__Action item__
Each entry should be transcribed exactly as written, and any picture left out.

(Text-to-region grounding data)
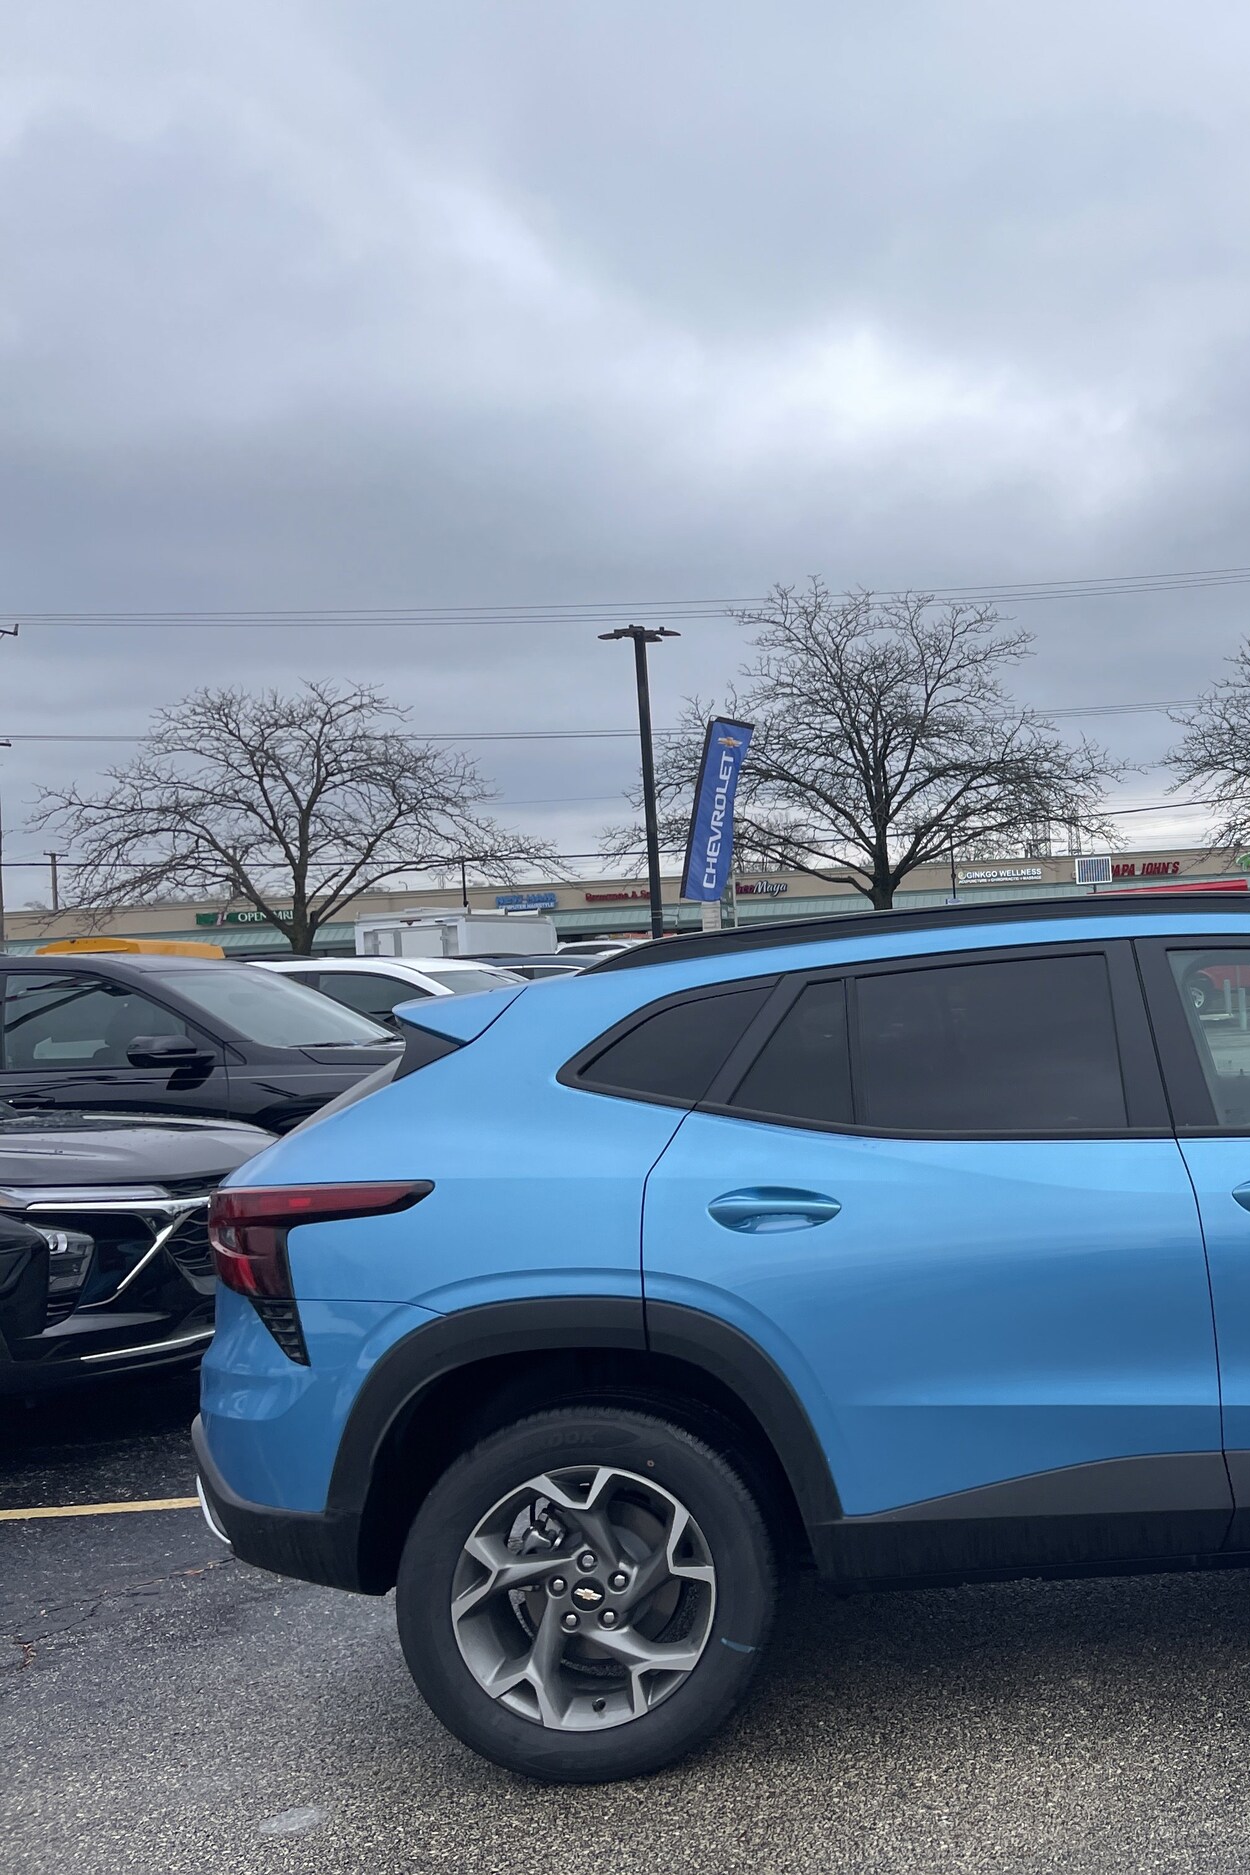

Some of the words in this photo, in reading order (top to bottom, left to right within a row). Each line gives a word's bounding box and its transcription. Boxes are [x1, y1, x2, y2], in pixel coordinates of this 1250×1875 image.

[703, 751, 735, 889] CHEVROLET
[966, 870, 998, 879] GINKGO
[999, 868, 1042, 877] WELLNESS
[1111, 863, 1136, 877] APA
[1141, 861, 1180, 875] JOHN'S

__The answer__
Some of the words in this photo, in reading order (top to bottom, left to right within a row). Each line gives a word's bounding box and its transcription. Boxes are [x1, y1, x2, y2], in pixel coordinates of this 1250×1875 image.

[703, 751, 735, 889] CHEVROLET
[966, 870, 998, 879] GINKGO
[999, 868, 1042, 877] WELLNESS
[1111, 863, 1136, 877] APA
[1141, 861, 1180, 875] JOHN'S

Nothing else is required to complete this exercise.